Purpose: We performed this study to evaluate the clinical presentation as well as the proper surgical intervention for ovarian metastasis from gastric cancers and these tumors were identified during postoperative follow-up. This will help establish the optimal strategy for improving the survival of patients with this entity. Materials and Methods: 22 patients (3.2%) with ovarian metastasis were noted when performing a retrospective chart review of (693) females patients who had undergone a resection for gastric cancer between 1981 and 2008. The covariates used for the survival analysis were the patient age at the time of ovarian relapse, the size of the tumor, the initial TNM stage of the gastric cancer, the interval to metastasis and the presence of gross residual disease after treatment for Krukenberg tumor. The cumulative survival curves for the patient groups were calculated with the Kaplan-Meier method and they were compared by means of the Log-Rank test. Results: The average age of the patients was 48.6 years (range: 24 to 78 years) and the average survival time of the 22 patients was 18.8 months (the estimated 3-year survival rate was 15.8%) with a range of 2 to 59 months after the diagnosis of Krukenberg tumor.
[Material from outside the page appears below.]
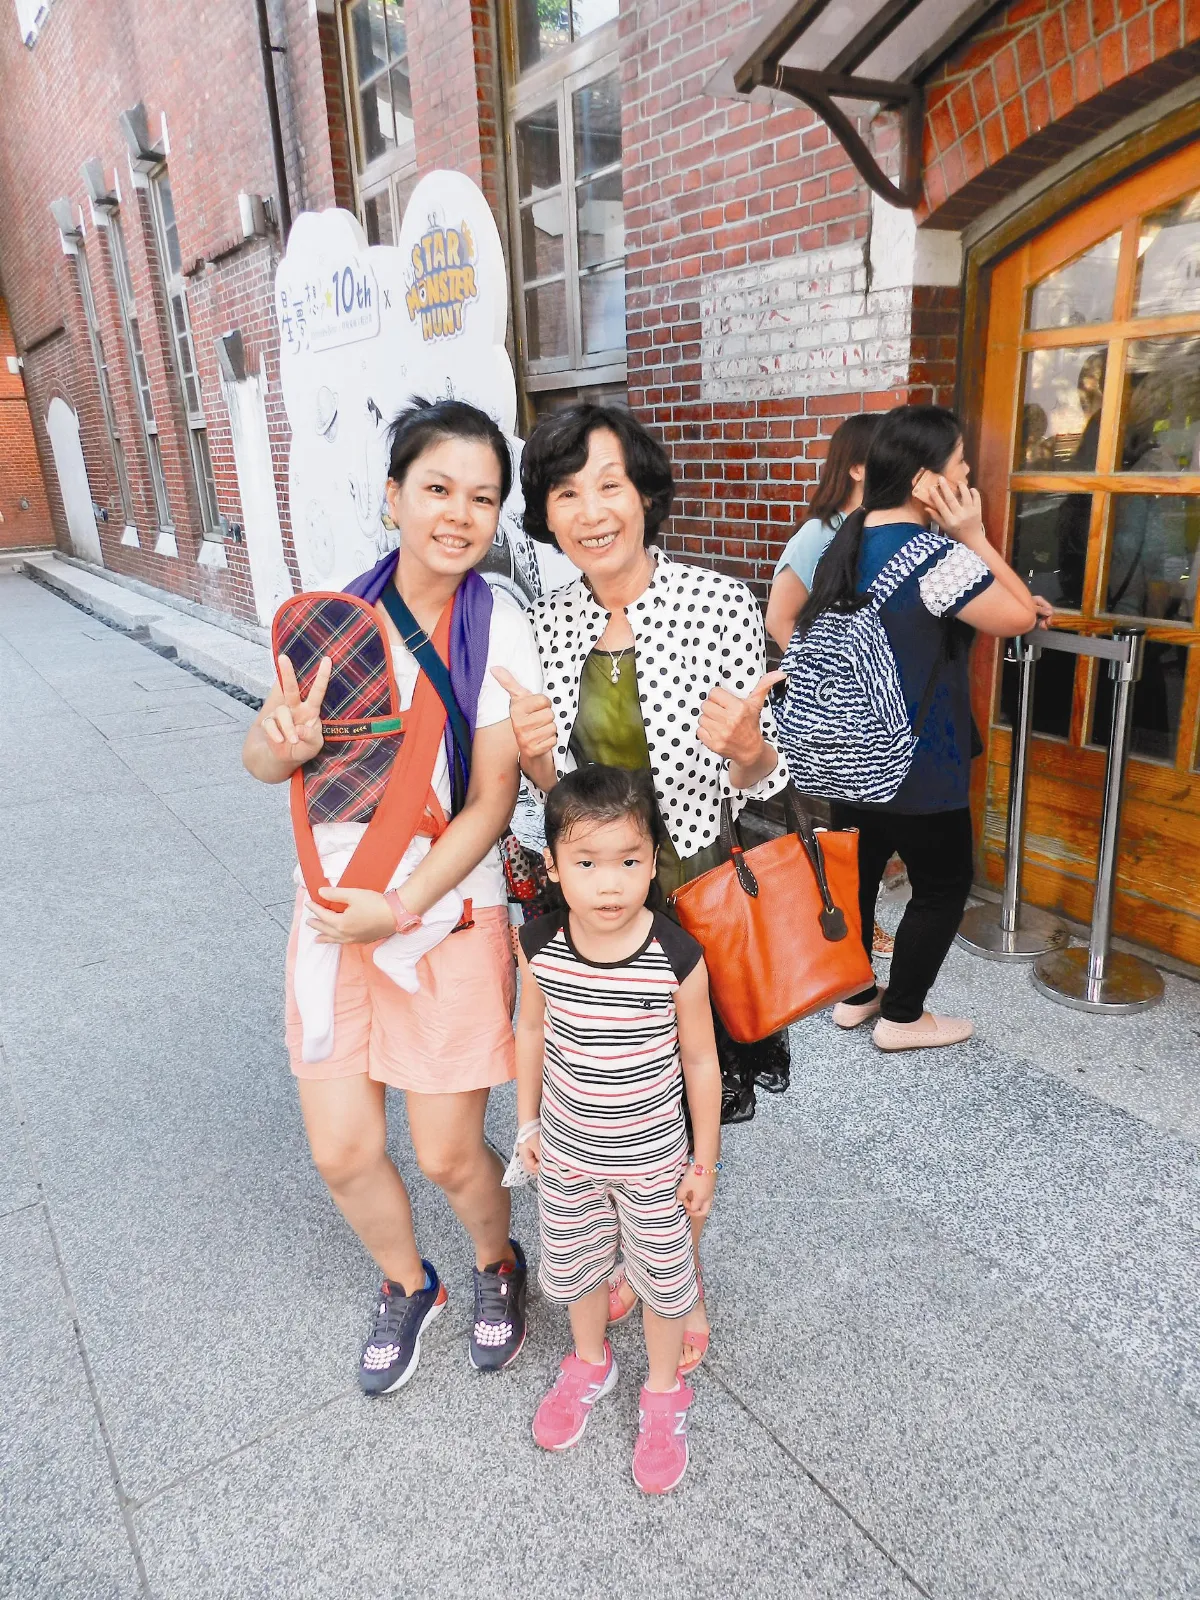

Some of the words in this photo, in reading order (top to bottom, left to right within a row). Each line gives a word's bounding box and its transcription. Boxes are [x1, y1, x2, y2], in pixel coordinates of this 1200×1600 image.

The survival rate for patients without gross residual disease was longer than that of the patients with gross residual disease (P=0.0003). In contrast, patient age, the size of ovarian tumor, the initial stage of gastric adenocarcinoma, the interval to metastasis and adjuvant chemotherapy were not prognostic indicators for survival after the development of ovarian metastasis. Conclusions: Early diagnosis and complete resection are the only possible hope to improve survival. As the 3-year survival rate after resection of Krukenberg tumor is 15.8%, it seems worthwhile to consider performing tumorectomy as the second cytoreduction.